Interest in the early work of Samuel Palmer, by then a little known artist, was rekindled in 1926 by a V&A exhibition curated by Hardie: Drawings, Etchings and Woodcuts made by Samuel Palmer and other Disciples of William Blake.

==Art==
His watercolours are typically fairly small and of English landscapes, or buildings in landscapes. His prints number over 200, in etching and sometimes drypoint, and more often show small, untidy buildings, typical subjects from the British Etching Revival. Over 300 works are in British museums, especially the Victoria & Albert Museum, to which he and later his widow made substantial donations. Tate Britain has three small monochrome landscape works, each described as Blot, in the Manner of Alexander Cozens. The Rijksmuseum in Amsterdam has several etchings, and the Yale Center for British Art has two watercolours and several prints. In July 1925 he exhibited 6 works in the Fifth Annual Exhibition of the Australian Painter-Etchers’ Society, held at Art Gallery, Education Department, Sydney, NSW.

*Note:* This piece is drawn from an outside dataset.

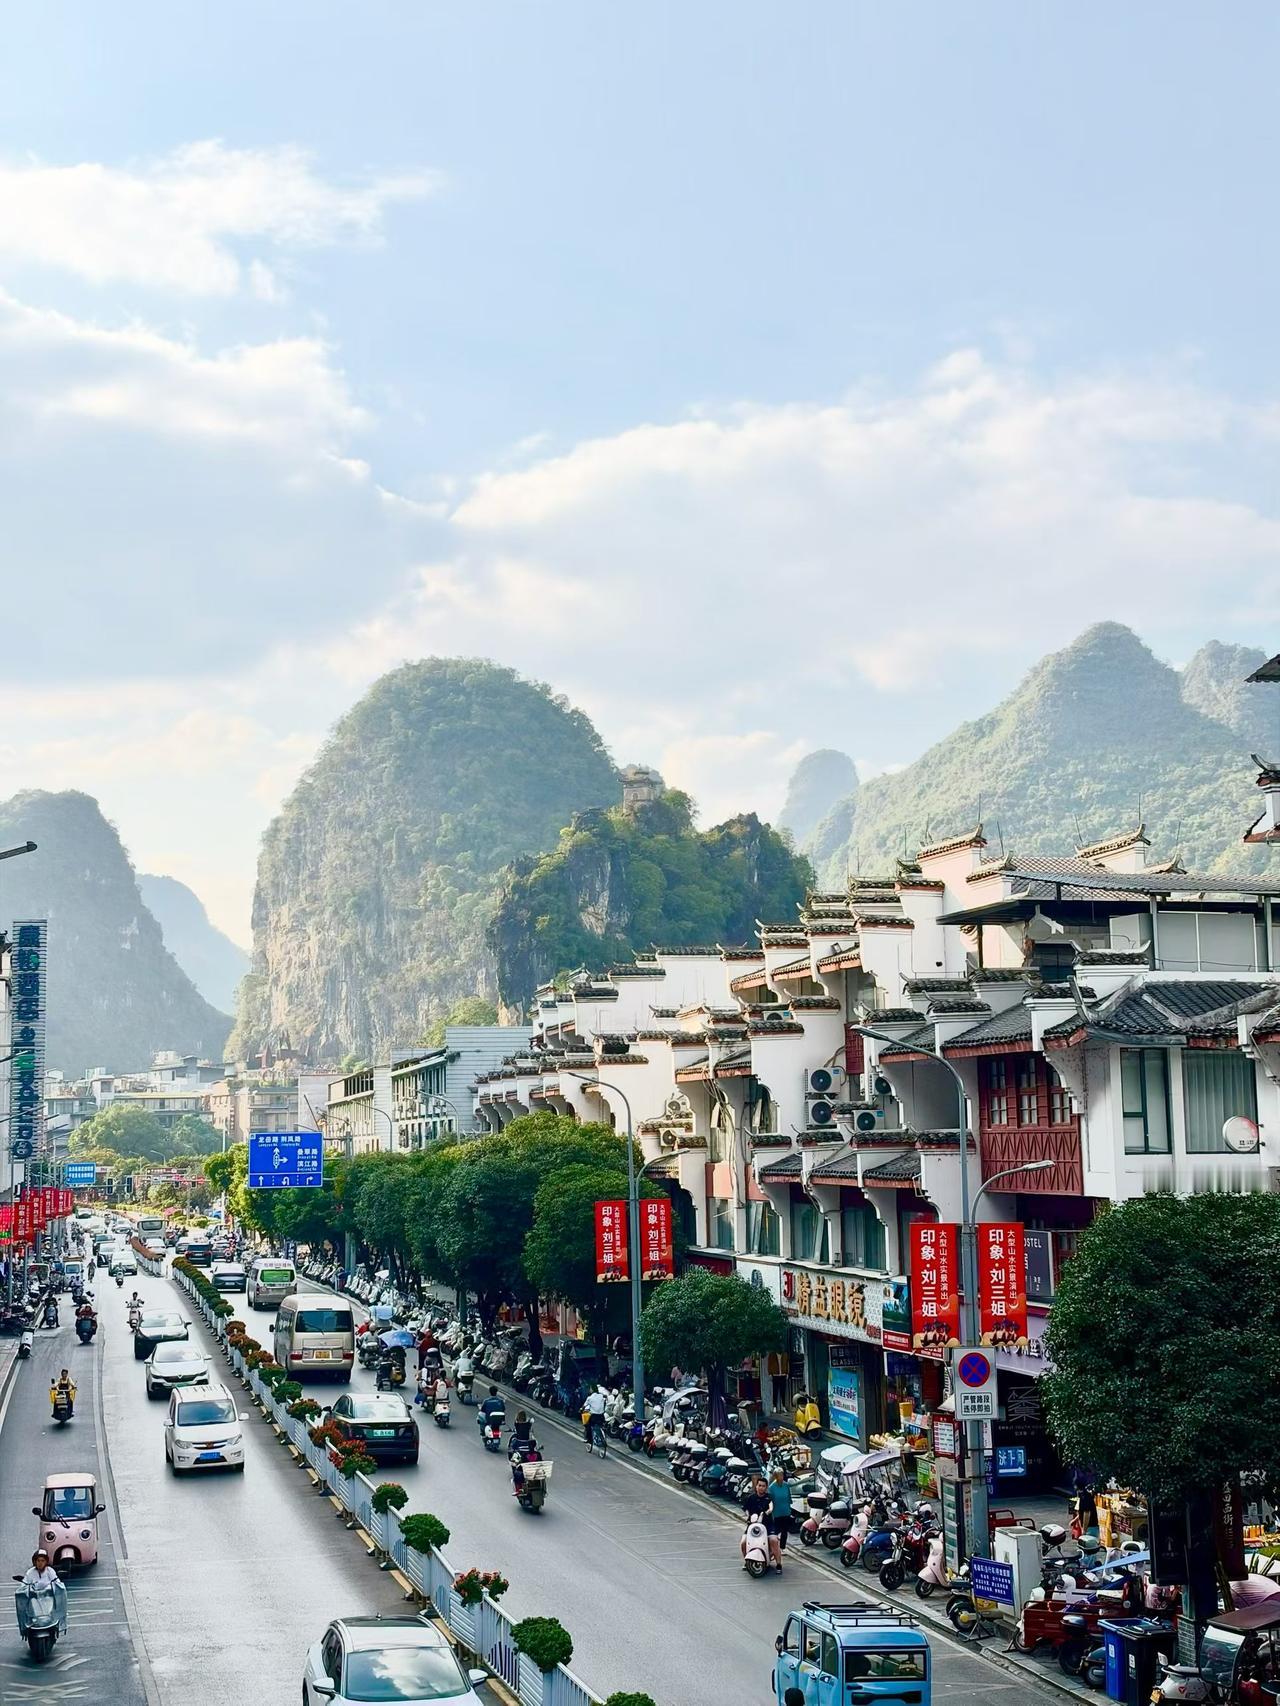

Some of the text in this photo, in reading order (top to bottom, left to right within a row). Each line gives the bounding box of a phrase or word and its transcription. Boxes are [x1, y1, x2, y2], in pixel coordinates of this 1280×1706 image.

Hardie's son Frank Hardie, a political historian born in 1911, authored the most recent catalogue of his father's prints, published by the Ashmolean Museum in 1975. He had been President of the Oxford Union in 1933, when the King and Country debate was held.

Earlier catalogues had been by James Laver (1937-38) and Frederick Wedmore: The Etched Works of Martin Hardie -- with an appreciation by Sir Frederick Wedmore and a note by Sir Frank Short, 1914, both published while Hardie was still producing prints.

==Books==
- Watercolour Painting in Britain, posthumously published in 3 volumes between 1966 and 1968.
Volume I: The Eighteenth Century (1966), London: B. T. Batsford
Volume II: The Romantic Period (1967), London: B. T. Batsford
Volume III: The Victorians (1968), London: B. T. Batsford
- Various catalogues of the national collections
- Engraving and etching - a handbook for the use of students and print collectors (1906), Hardie's translation of a German work
- George Morland; a biographical essay, 1906
- John Pettie, R.A., H.R.S.A., 1908

- Catalogues of the prints of Frank Short, James McBey, William Lee-Hankey (1921), Charles Meryon (1931), and others.